EXERCISE -> Copy the records below exactly as they stand. Leave out the pictures.

=-=-=-=-=

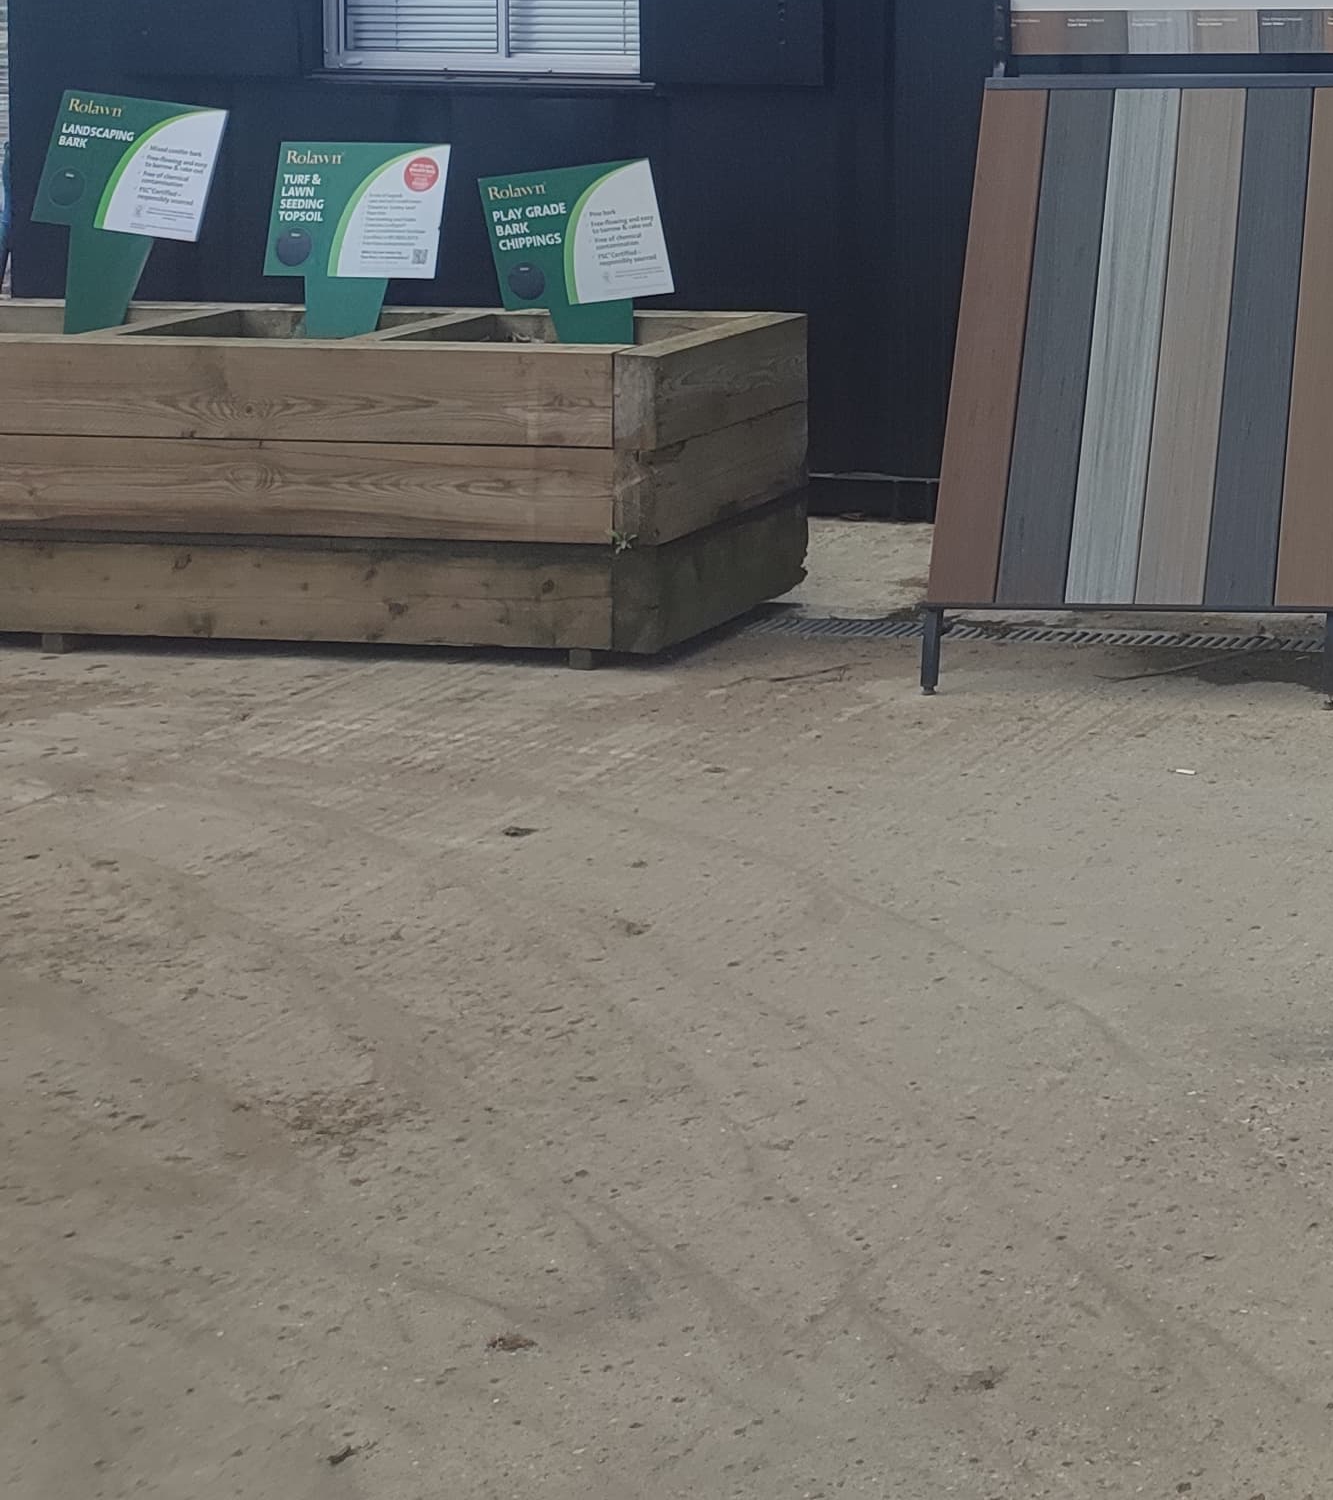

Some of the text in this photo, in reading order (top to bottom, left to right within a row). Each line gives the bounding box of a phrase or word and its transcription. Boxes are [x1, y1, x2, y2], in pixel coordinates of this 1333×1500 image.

[62, 123, 134, 142] LANDSCAPING
[58, 136, 88, 148] BARK
[283, 174, 321, 185] TURF &
[281, 187, 314, 197] LAWN
[280, 199, 325, 209] SEEDING
[278, 211, 323, 222] TOPSOIL
[492, 202, 567, 222] PLAY GRADE
[496, 222, 529, 236] BARK
[499, 233, 562, 251] CHIPPINGS
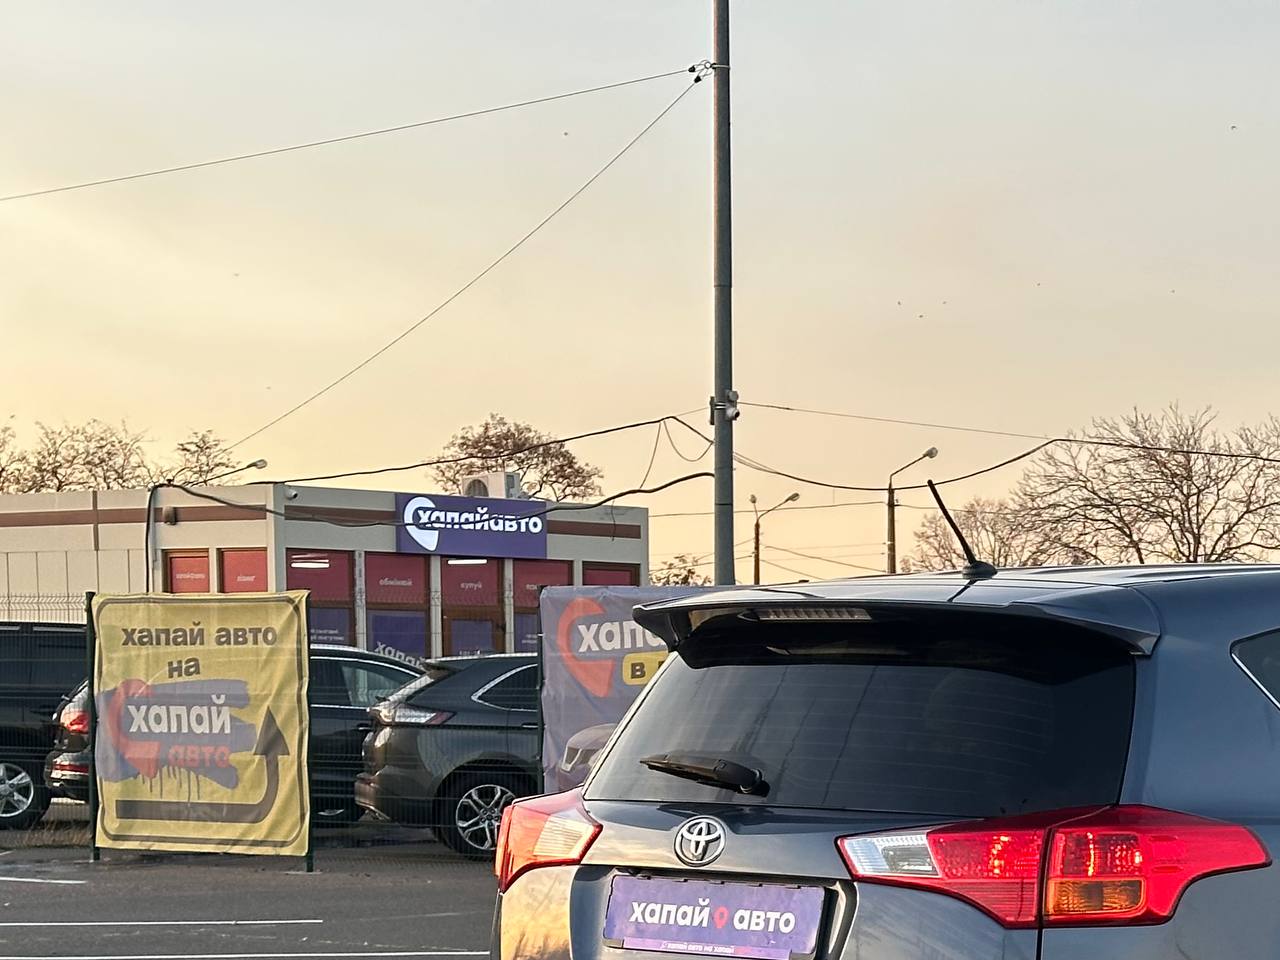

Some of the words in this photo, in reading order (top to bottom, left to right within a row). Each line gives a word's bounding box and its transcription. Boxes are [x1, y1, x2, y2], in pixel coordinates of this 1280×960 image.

[122, 621, 205, 646] хапай
[215, 626, 278, 646] авто
[167, 657, 200, 679] на
[127, 694, 231, 734] хапай
[168, 745, 230, 768] авто
[629, 898, 710, 928] хапай
[733, 909, 796, 934] авто
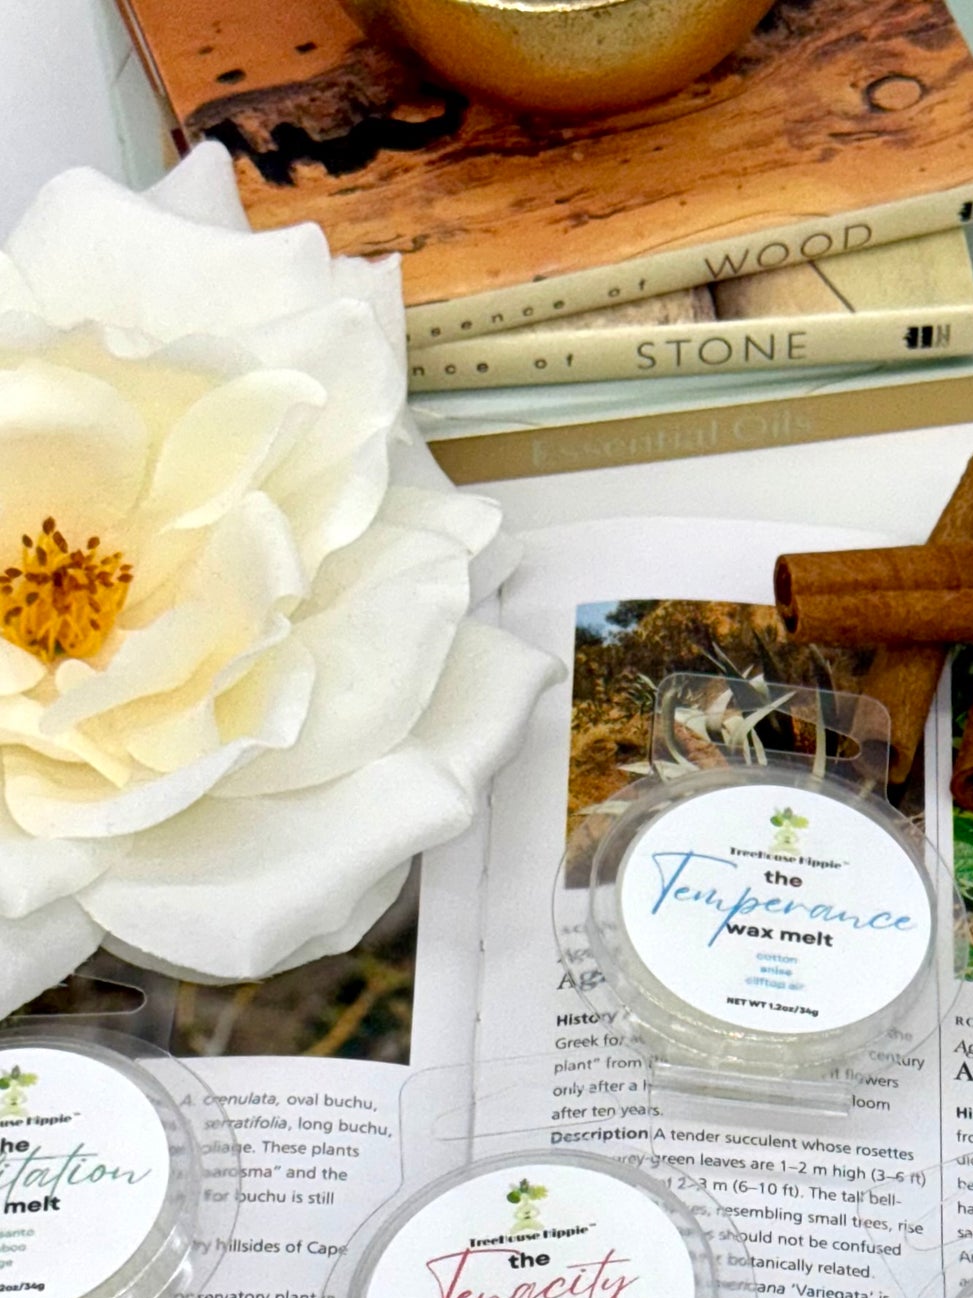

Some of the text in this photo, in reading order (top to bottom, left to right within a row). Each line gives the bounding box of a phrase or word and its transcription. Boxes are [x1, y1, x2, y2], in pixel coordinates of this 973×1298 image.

[608, 224, 872, 298] of WOOD
[534, 330, 808, 370] of STONE
[531, 420, 718, 469] Essential
[764, 870, 802, 888] the
[652, 850, 916, 947] Temperance
[727, 923, 833, 947] wax melt
[756, 952, 798, 964] cotton
[726, 997, 819, 1017] NET WT 1.2oz/34g
[287, 1094, 378, 1112] oval buchu,
[0, 1138, 30, 1153] he
[550, 1126, 915, 1162] Description A tender succulent whose rosettes
[4, 1195, 61, 1214] melt
[508, 1252, 550, 1269] the
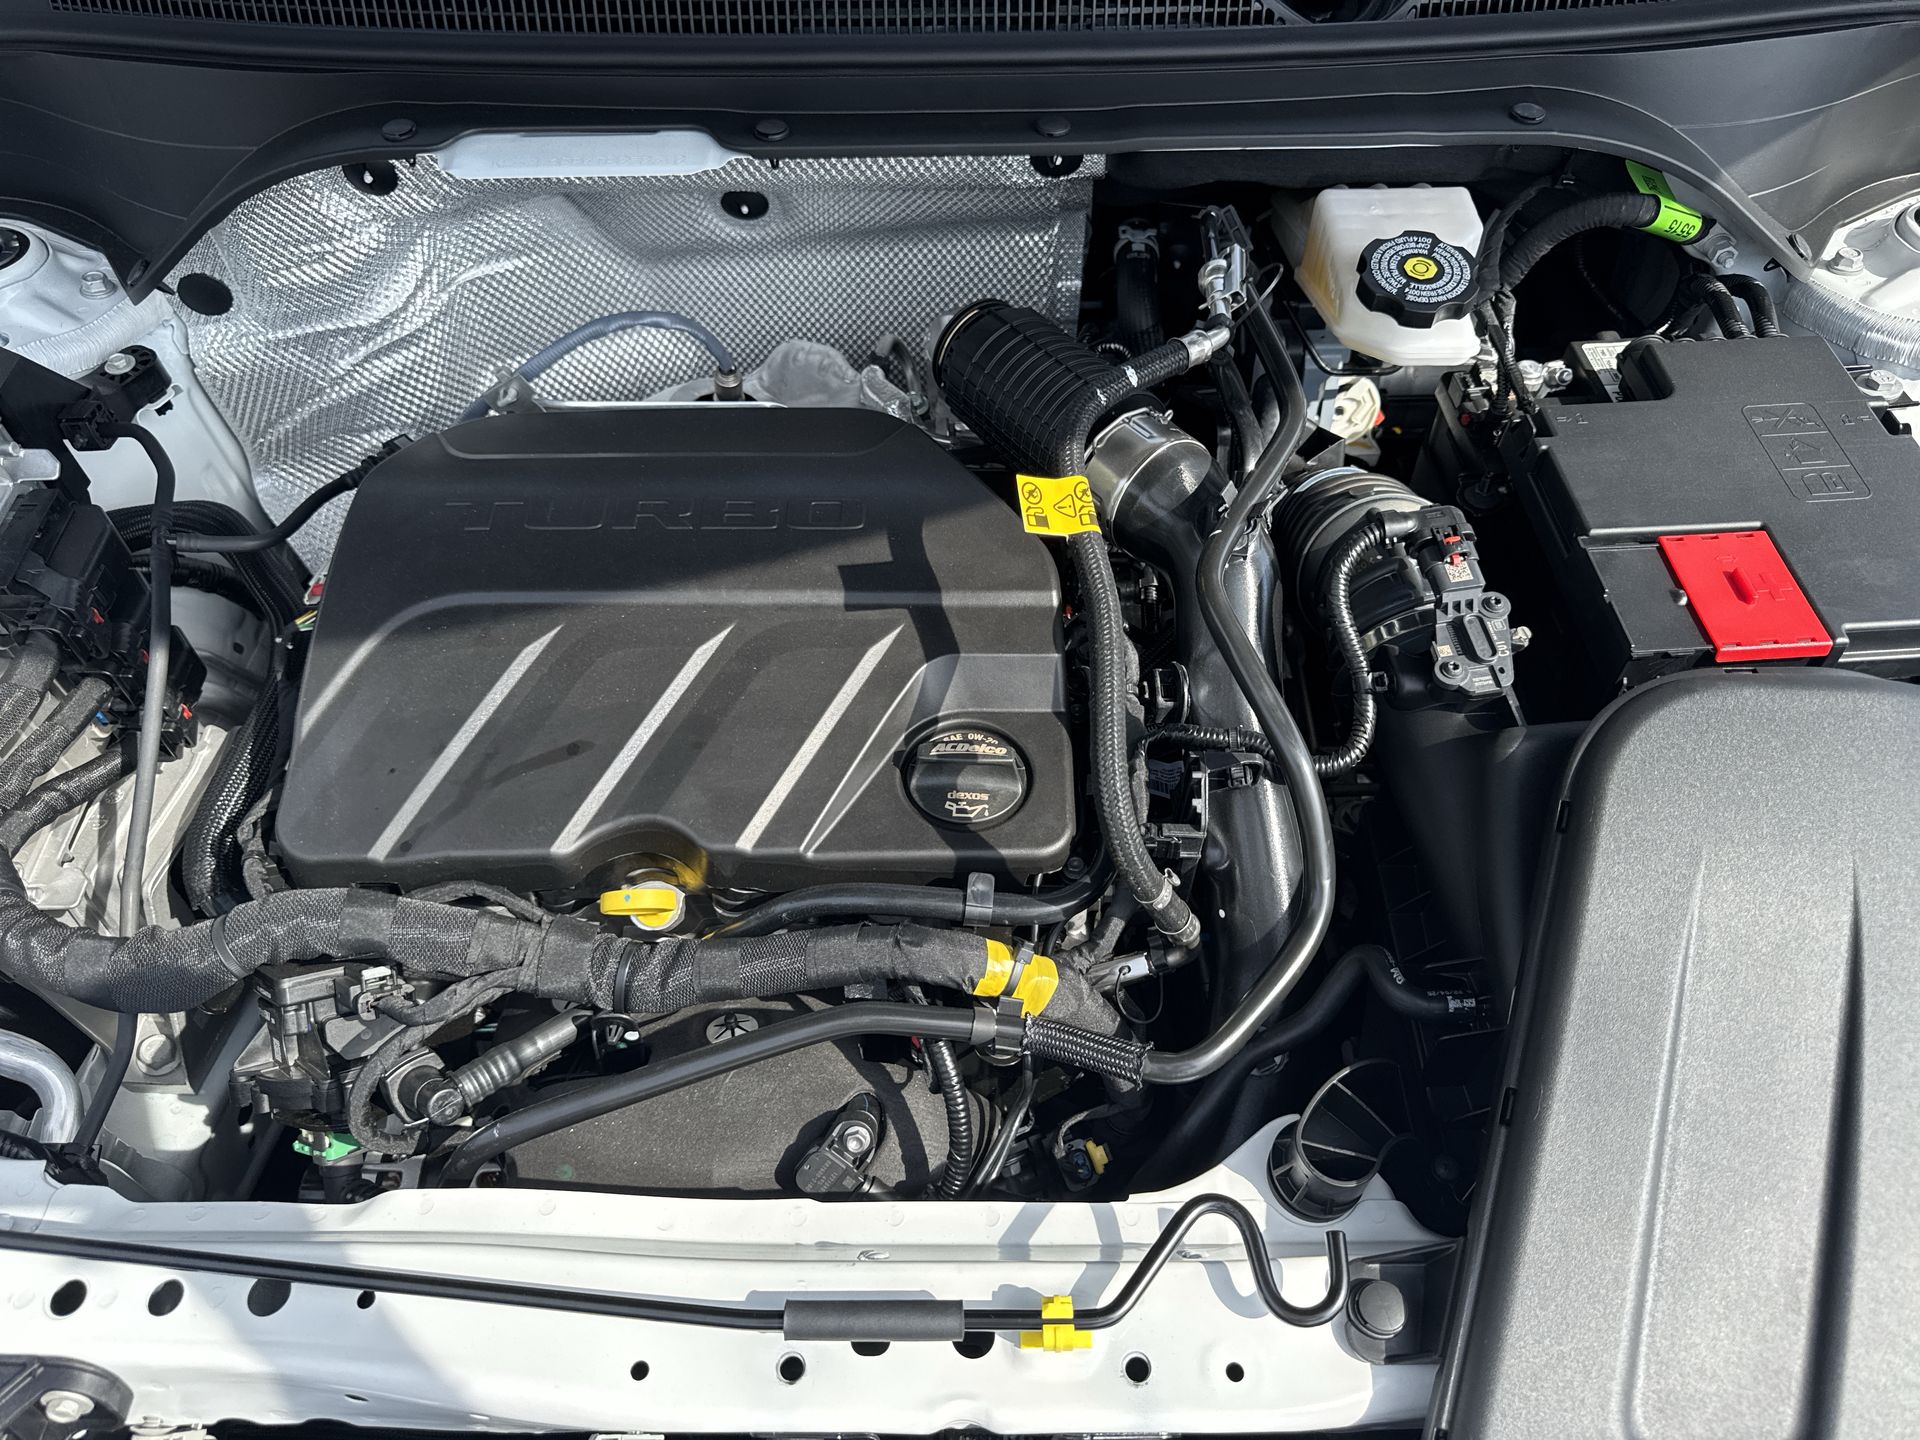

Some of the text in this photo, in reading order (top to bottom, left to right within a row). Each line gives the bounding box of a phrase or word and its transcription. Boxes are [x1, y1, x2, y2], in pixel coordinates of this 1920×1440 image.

=-=-=-=-=

COMPLETED EXERCISE ->
Some of the text in this photo, in reading order (top to bottom, left to right within a row). Each line gives the bounding box of a phrase or word and its transcription. Boxes are [x1, y1, x2, y2], in pixel coordinates of this 1333×1500 image.

[62, 123, 134, 142] LANDSCAPING
[58, 136, 88, 148] BARK
[283, 174, 321, 185] TURF &
[281, 187, 314, 197] LAWN
[280, 199, 325, 209] SEEDING
[278, 211, 323, 222] TOPSOIL
[492, 202, 567, 222] PLAY GRADE
[496, 222, 529, 236] BARK
[499, 233, 562, 251] CHIPPINGS

Some of the words in this photo, in reading order (top to bottom, left to right within a row). Each line gives a word's bounding box and its transcription. Boxes are [x1, y1, x2, y2], in pixel coordinates of this 1280×960 image.

[122, 621, 205, 646] хапай
[215, 626, 278, 646] авто
[167, 657, 200, 679] на
[127, 694, 231, 734] хапай
[168, 745, 230, 768] авто
[629, 898, 710, 928] хапай
[733, 909, 796, 934] авто

Some of the text in this photo, in reading order (top to bottom, left to right within a row). Each line gives the bounding box of a phrase or word and its transcription. Boxes are [x1, y1, x2, y2], in pixel coordinates of this 973×1298 image.

[608, 224, 872, 298] of WOOD
[534, 330, 808, 370] of STONE
[531, 420, 718, 469] Essential
[764, 870, 802, 888] the
[652, 850, 916, 947] Temperance
[727, 923, 833, 947] wax melt
[756, 952, 798, 964] cotton
[726, 997, 819, 1017] NET WT 1.2oz/34g
[287, 1094, 378, 1112] oval buchu,
[0, 1138, 30, 1153] he
[550, 1126, 915, 1162] Description A tender succulent whose rosettes
[4, 1195, 61, 1214] melt
[508, 1252, 550, 1269] the

Some of the text in this photo, in reading order (top to bottom, left to right within a row). Each line gives the bounding box of a phrase or word and its transcription. Boxes are [x1, y1, x2, y2], in pixel coordinates of this 1920×1440 image.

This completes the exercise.